On the day Summer 2021 gave way to climate change, we visited Sager + Wilde. The irony walking up ‘Paradise Row’ in driving rain and shoes soaked through with Bethnal Green’s finest drain water was not lost on us.
Sager + Wilde’s story started in 2013, when Swiss-born Londoner Michael Sager opened his now-seminal wine bar on Hackney Road. This tiny establishment is considered to be the first great wine bar in East London and is even being used as a reference point for the wine bar we are opening in my hotel in The City. Sager then opened a restaurant called ‘Mission’ in the railway arches on Paradise Row, and after some legal nonsense involving a Mexican trademark, this was subsequently reopened as a second, larger Sager + Wilde, this outpost offering food alongside the bountiful wine list. The reputation of both sites precede themselves; for me, never having visited either, this was one long awaited brunch.
Sager + Wilde, born out of the zenith of the hipster age, gives off a very hipstery vibe. The black awnings and dark wood interior accent a rustic, natural vibe. There is a broad terrace (in light of the weather, we changed our booking to sit inside), but the glass façade opens fully. We were able to sit near the window, hearing and smelling the rain outside, enjoying our flights of white wine in the shelter, lounge music playing overhead.
The brunch menu was exceptionally small, being a handful of starters, egg dishes and a choice of two pastas, so we ended up taking almost one of everything. It’s the first time in my life I could say that I ordered the whole menu (except the eggs).
Small menus are fine if the quality is there. And the quality was there, in spades. Four cheese arancini were orgasmic, little umami palate-zingers to kick off the meal. Homemade focaccia was bouncy and salty (and a surprise, as well didn’t order it). The European ‘started’ with a Devon Crab roll with home-made potato chips. The crab almost made her cry with happiness. It was fresh and seasoned perfectly, generously stuffed into a fluffy brioche roll. It could have been enough by itself, to be enjoyed lingeringly with a glass of fantastic white. My starter of burrata with fig was a perfect example as to how good this creamy cheese can be.
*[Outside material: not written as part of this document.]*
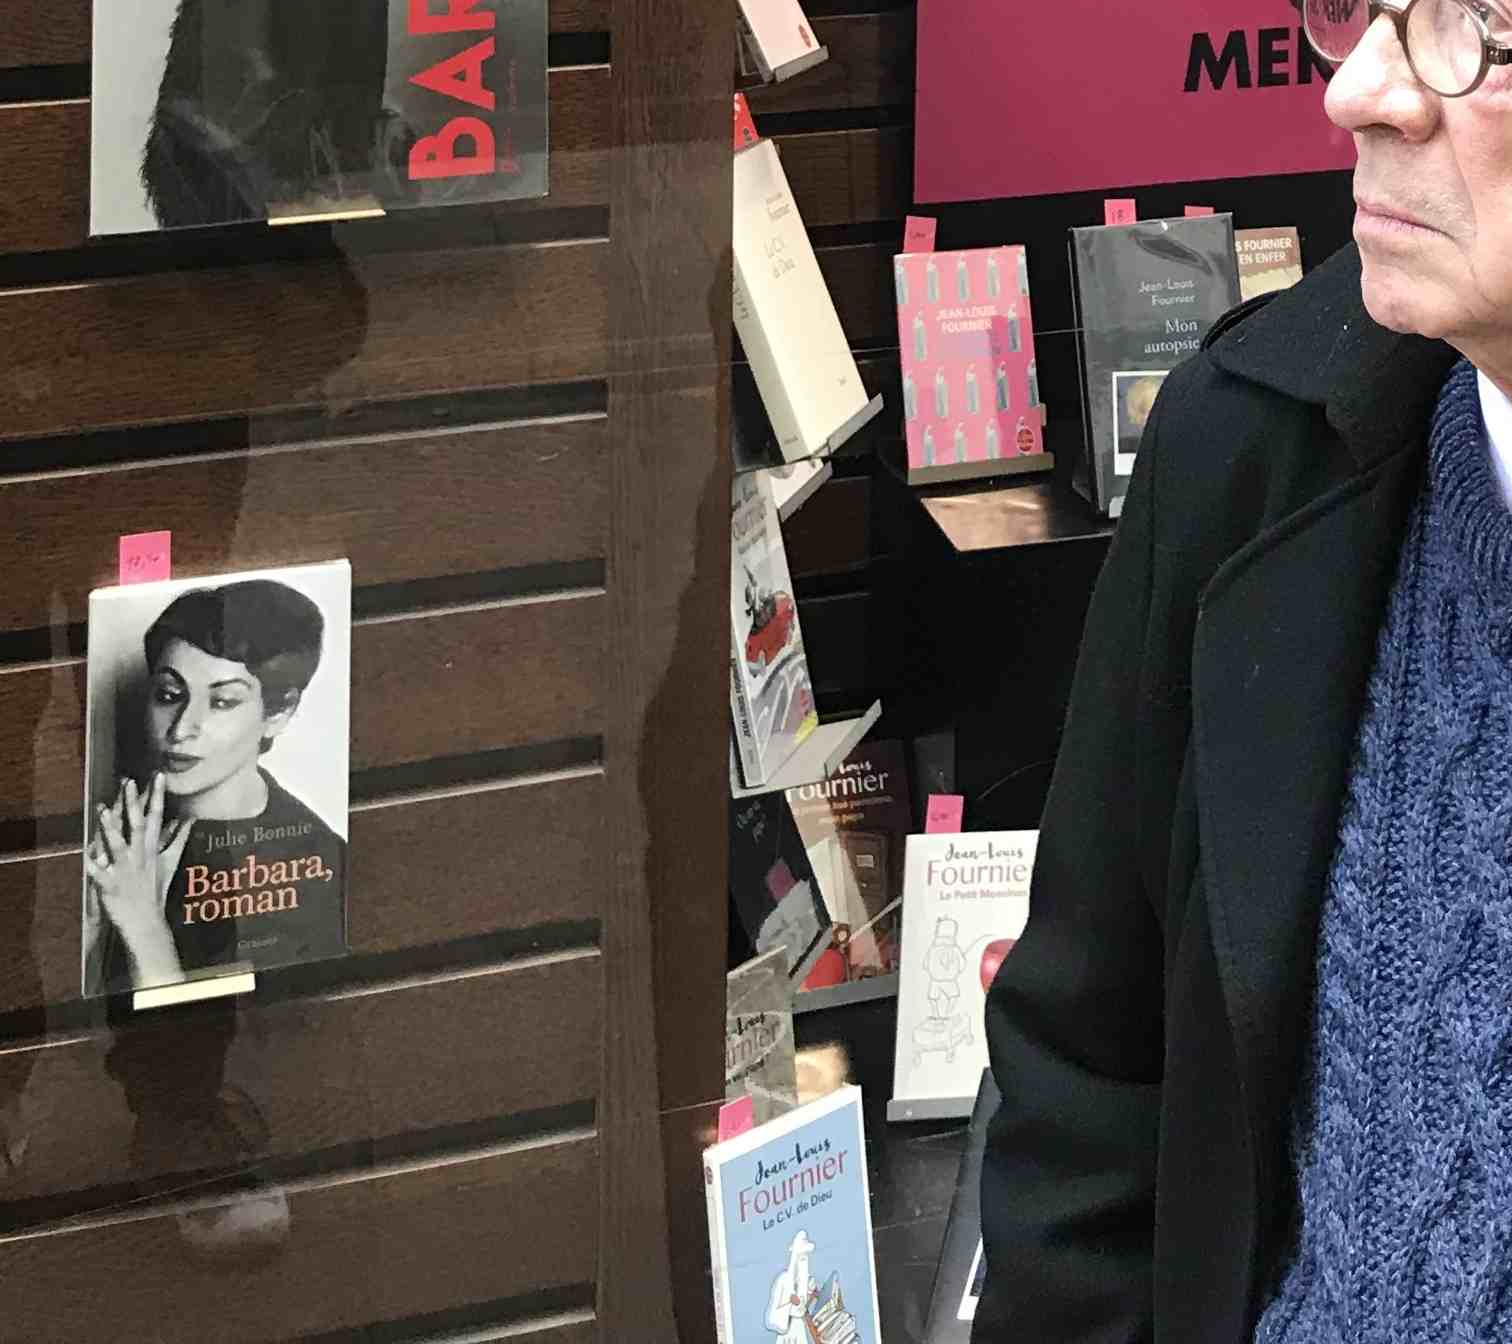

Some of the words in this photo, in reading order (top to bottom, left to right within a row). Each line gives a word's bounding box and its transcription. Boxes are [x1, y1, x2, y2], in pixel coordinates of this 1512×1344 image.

We agreed that the homemade pasta was excellent, but a little behind what we have eaten in other celebrated pasta joints such as Gloria or Eataly. My beef shin ragù was a little on the watery side but still held great flavour. The tiramisu blew us away, but it always was going to, wasn’t it?
We settled up the very reasonable bill (less than £one hundred all in, for three courses and six glasses of wine). We took coffee on the go, stopping off at the nearby and very hilarious Fuckoffee. The European stopped at a charity shop and got beaten to Chinese tea set by the fastest old Chinese lady in the world. What a hipstery afternoon it was. I could have been back in the early 2010s.
I have eaten in a Sager + Wilde restaurant before. Fare is the group’s most recent offering, and it was fantastic, a thoroughly enjoyable evening out. The hallmarks of fresh bread, great drinking, friendly service, and quality ingredients stand firm, showing that Sager + Wilde as a group is not a one-trick-pony, rather a welcome and reliable staple of London’s restaurant scene, before or after this inclement apocalypse.